The problem:
Don't include any picture when you restate the data word for word.
--- Source material Enclosed Below ---
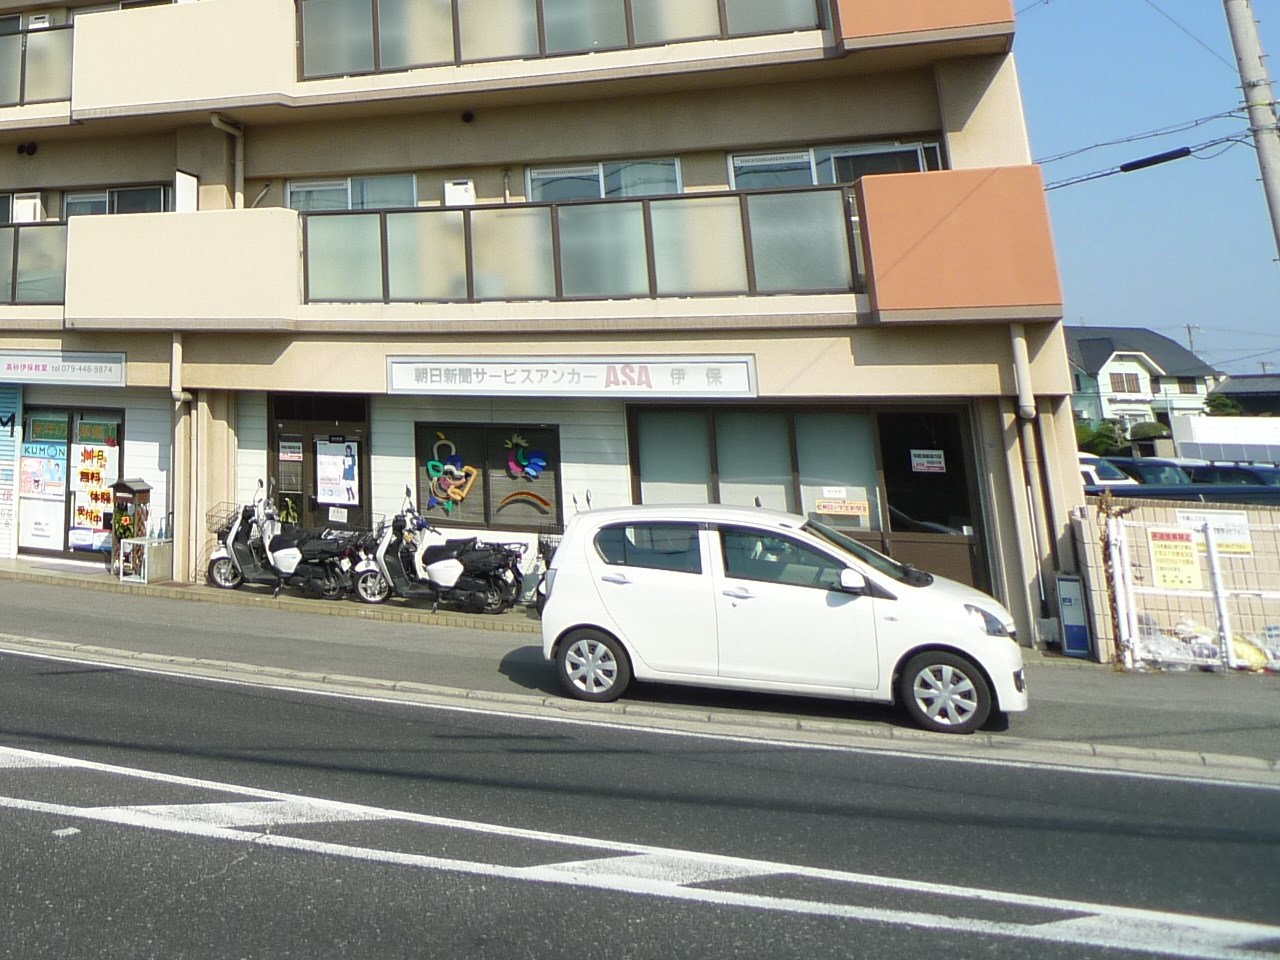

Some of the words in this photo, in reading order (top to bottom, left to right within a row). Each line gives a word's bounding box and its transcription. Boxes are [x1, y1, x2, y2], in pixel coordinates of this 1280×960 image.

[6, 363, 48, 372] 高砂伊保教室
[413, 367, 597, 385] 朝日新聞サービスアンカー
[604, 364, 653, 389] ASA
[670, 368, 723, 386] 伊保
[24, 445, 66, 458] KUMON
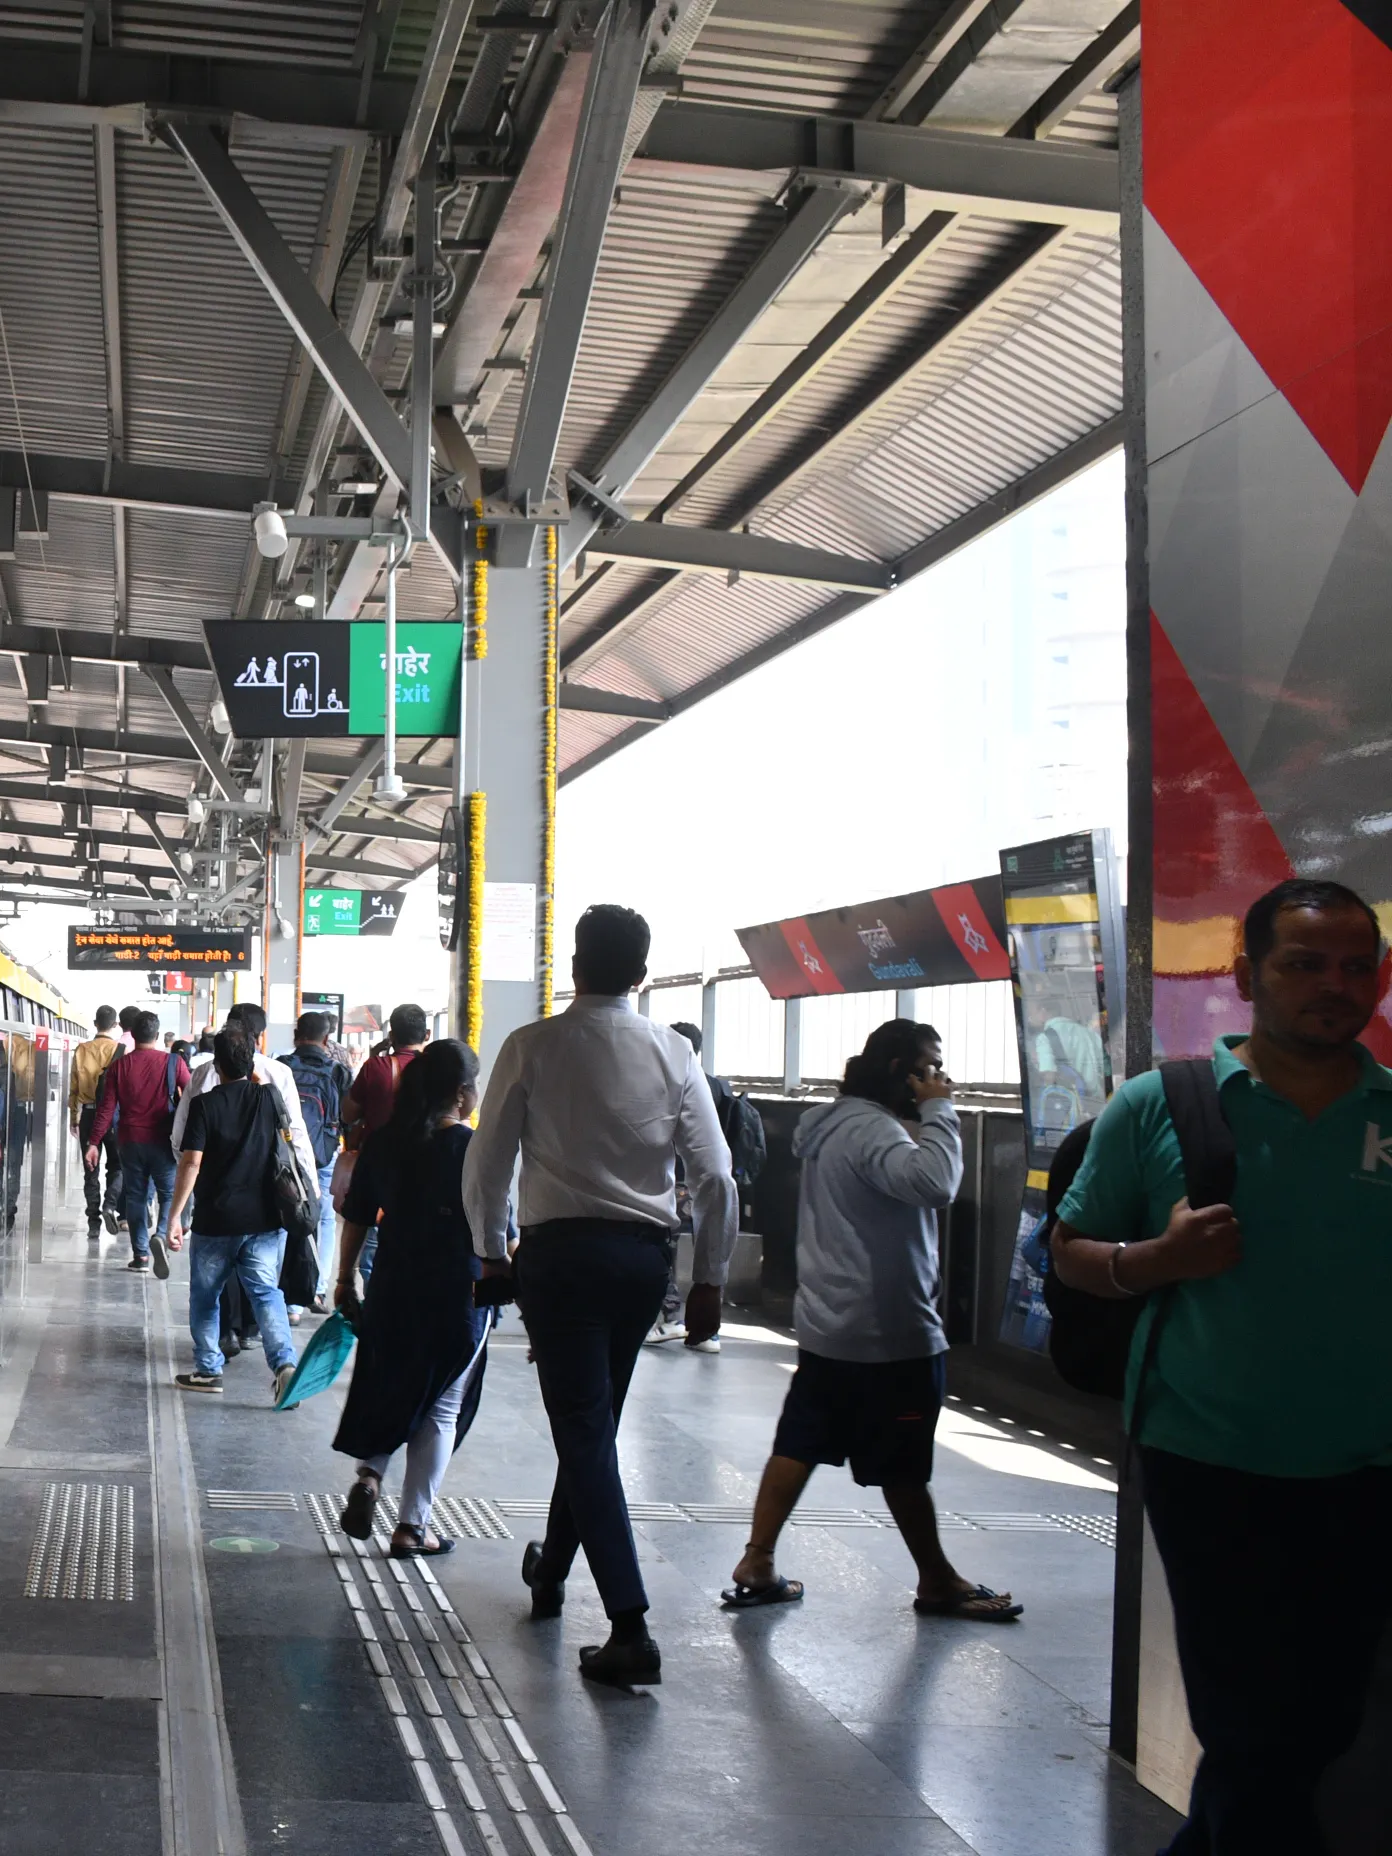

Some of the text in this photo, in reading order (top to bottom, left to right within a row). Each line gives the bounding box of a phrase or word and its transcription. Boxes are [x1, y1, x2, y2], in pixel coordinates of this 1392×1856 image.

[395, 683, 430, 702] Exit
[332, 897, 354, 910] बाहेर
[334, 912, 353, 921] Exit
[238, 952, 245, 960] 6
[868, 956, 924, 980] Gundavali
[174, 976, 183, 989] 1
[38, 1036, 46, 1048] 7
--- End of Enclosed Source material ---
Answer to this problem:
Some of the words in this photo, in reading order (top to bottom, left to right within a row). Each line gives a word's bounding box and its transcription. Boxes are [x1, y1, x2, y2], in pixel coordinates of this 1280×960 image.

[6, 363, 48, 372] 高砂伊保教室
[413, 367, 597, 385] 朝日新聞サービスアンカー
[604, 364, 653, 389] ASA
[670, 368, 723, 386] 伊保
[24, 445, 66, 458] KUMON

Some of the text in this photo, in reading order (top to bottom, left to right within a row). Each line gives the bounding box of a phrase or word and its transcription. Boxes are [x1, y1, x2, y2], in pixel coordinates of this 1392×1856 image.

[395, 683, 430, 702] Exit
[332, 897, 354, 910] बाहेर
[334, 912, 353, 921] Exit
[238, 952, 245, 960] 6
[868, 956, 924, 980] Gundavali
[174, 976, 183, 989] 1
[38, 1036, 46, 1048] 7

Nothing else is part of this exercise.